[Annotated photo localization data]
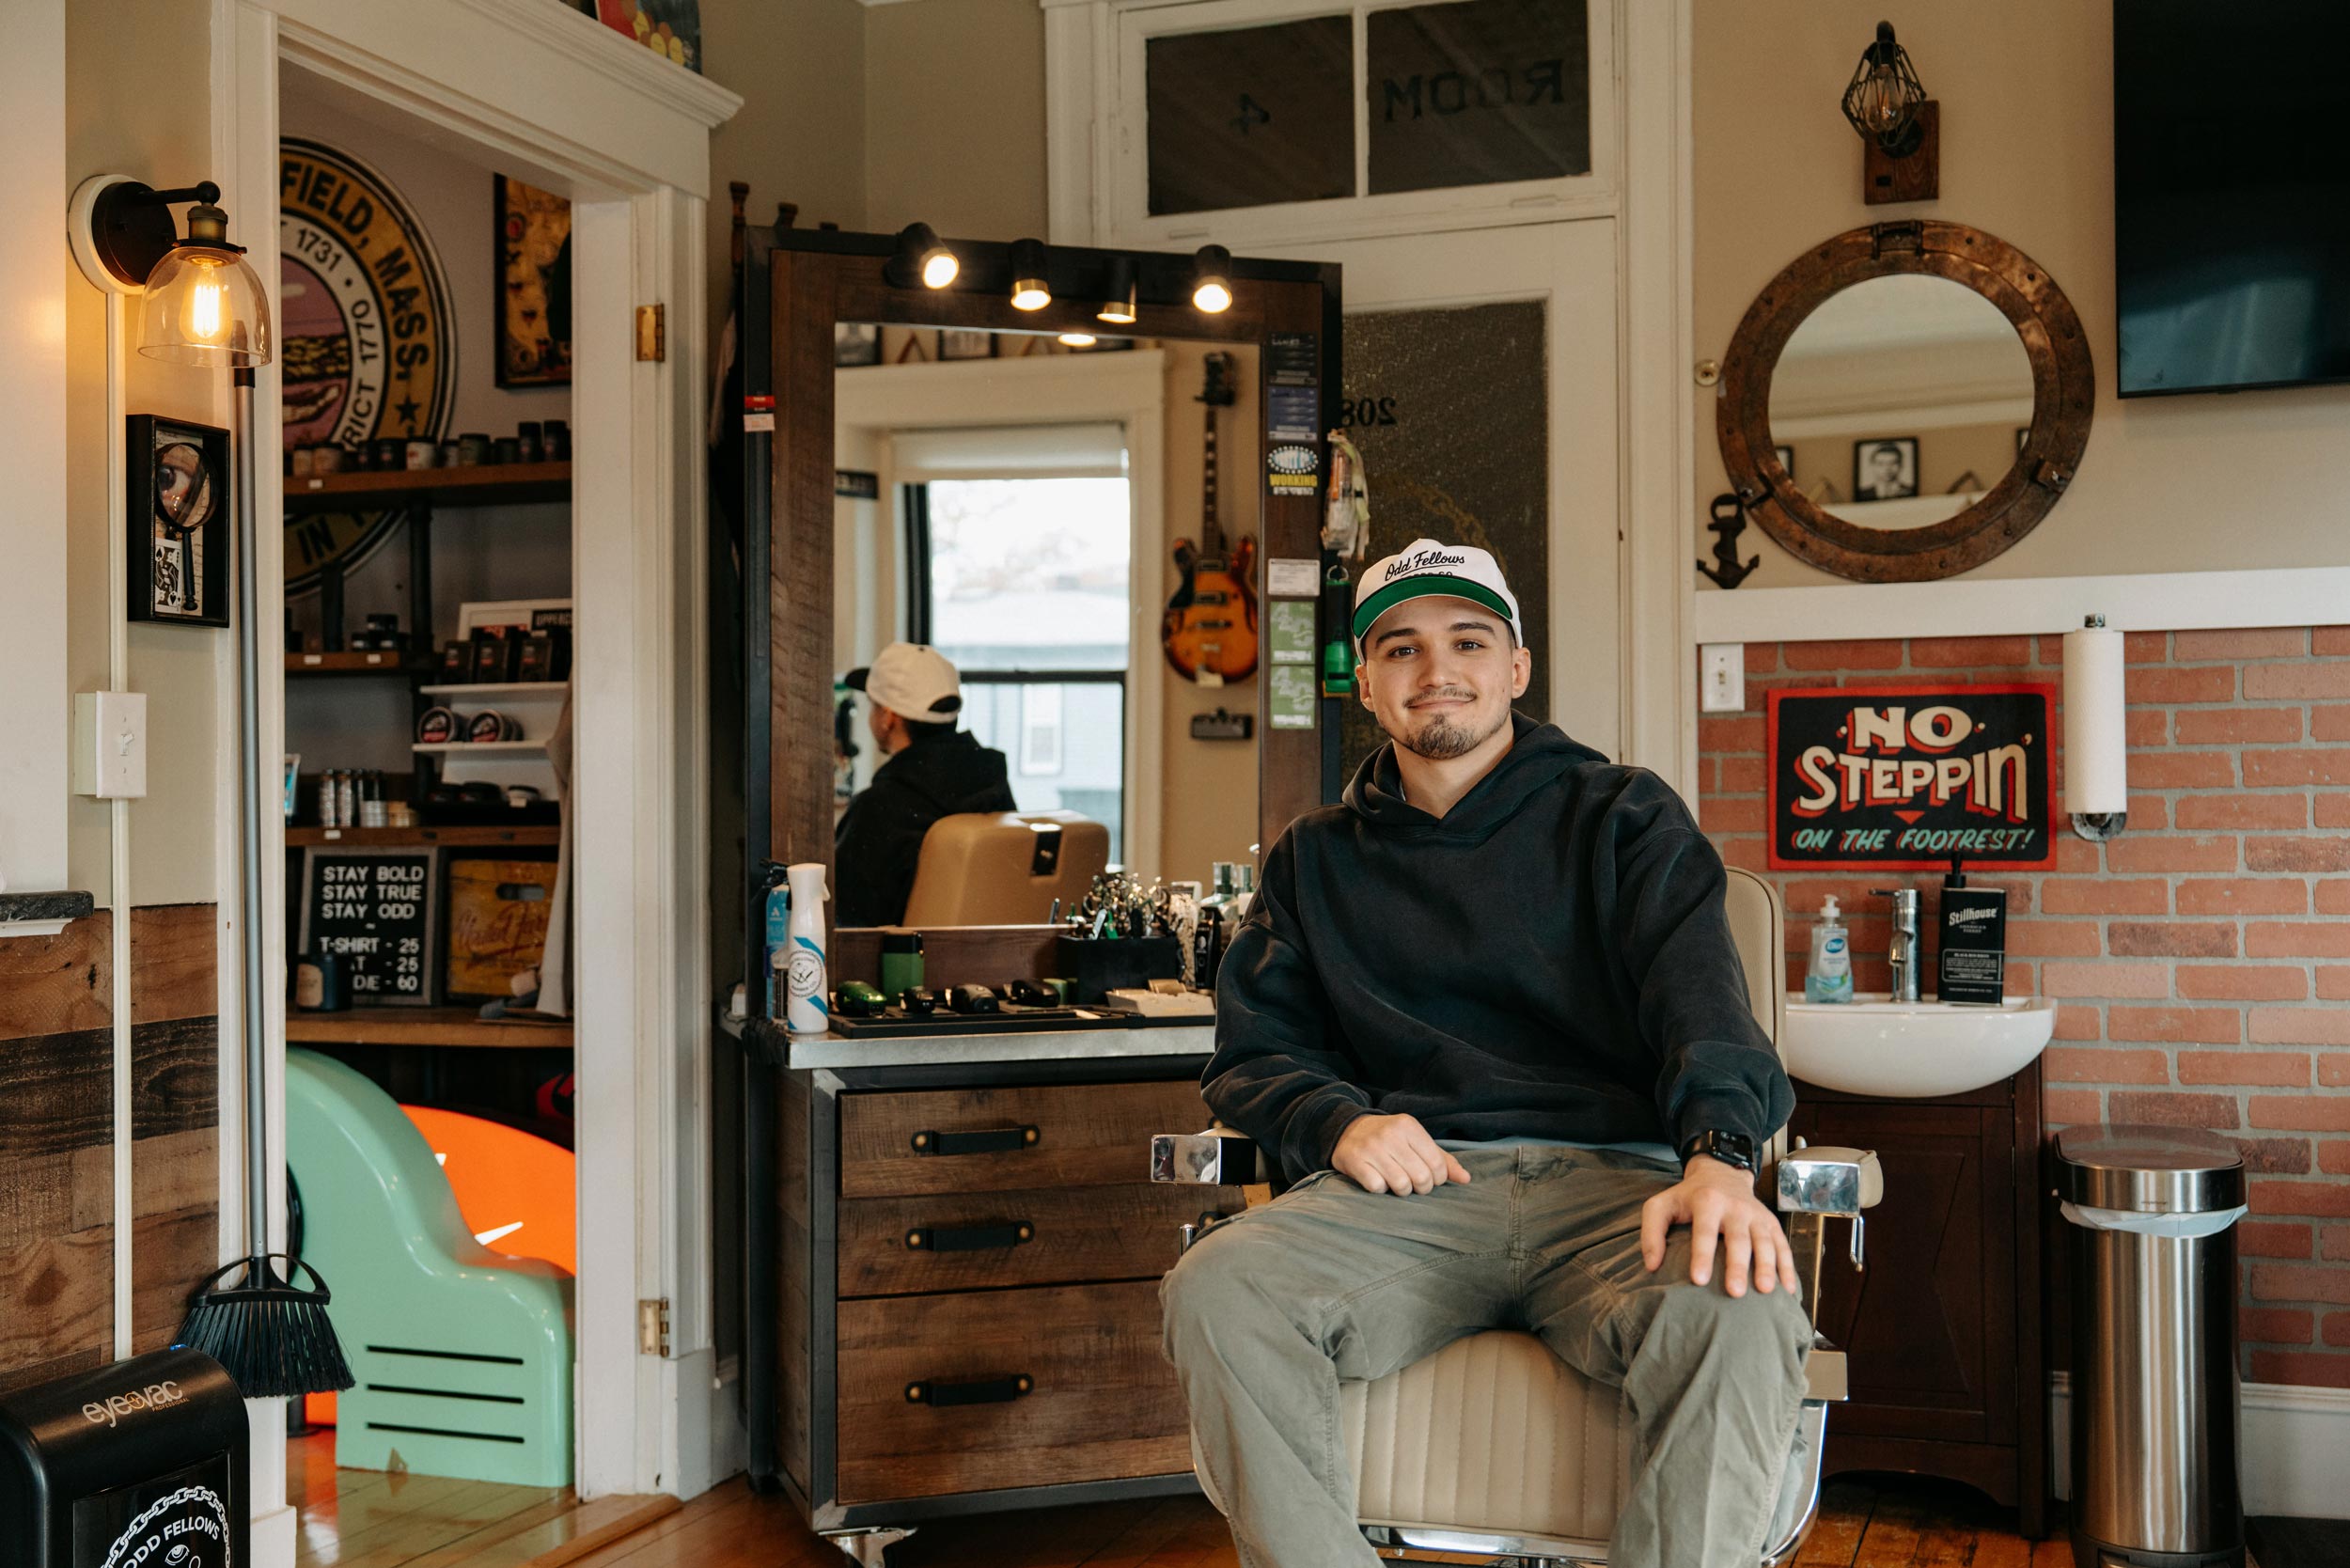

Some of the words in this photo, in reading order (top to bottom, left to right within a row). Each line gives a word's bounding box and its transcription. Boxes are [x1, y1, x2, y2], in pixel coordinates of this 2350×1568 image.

[281, 160, 374, 250] FIELD,
[296, 227, 343, 273] 1731
[350, 299, 380, 364] 1770
[340, 378, 377, 447] RICT
[1384, 557, 1412, 582] Odd
[1413, 550, 1466, 570] Fellows
[1850, 706, 1973, 751] NO
[1794, 828, 1833, 851] ON
[1842, 828, 1892, 851] THE
[1899, 828, 2036, 851] FOOTREST!
[322, 865, 369, 882] STAY
[376, 865, 424, 882] BOLD
[321, 885, 368, 901] STAY
[376, 885, 423, 901] TRUE
[321, 902, 368, 919] STAY
[378, 902, 415, 919] ODD
[1949, 907, 1998, 926] Stillhouse
[320, 936, 380, 954] T-SHIRT
[399, 937, 420, 954] 25
[397, 956, 419, 973] 25
[397, 974, 418, 992] 60
[163, 1515, 221, 1541] FELLOWS

Action item: All entries above, minus the pictures, should be repeated exactly.

Task response:
Some of the words in this photo, in reading order (top to bottom, left to right within a row). Each line gives a word's bounding box and its transcription. Boxes are [x1, y1, x2, y2], in pixel coordinates of this 2350×1568 image.

[281, 160, 374, 250] FIELD,
[296, 227, 343, 273] 1731
[350, 299, 380, 364] 1770
[340, 378, 377, 447] RICT
[1384, 557, 1412, 582] Odd
[1413, 550, 1466, 570] Fellows
[1850, 706, 1973, 751] NO
[1794, 828, 1833, 851] ON
[1842, 828, 1892, 851] THE
[1899, 828, 2036, 851] FOOTREST!
[322, 865, 369, 882] STAY
[376, 865, 424, 882] BOLD
[321, 885, 368, 901] STAY
[376, 885, 423, 901] TRUE
[321, 902, 368, 919] STAY
[378, 902, 415, 919] ODD
[1949, 907, 1998, 926] Stillhouse
[320, 936, 380, 954] T-SHIRT
[399, 937, 420, 954] 25
[397, 956, 419, 973] 25
[397, 974, 418, 992] 60
[163, 1515, 221, 1541] FELLOWS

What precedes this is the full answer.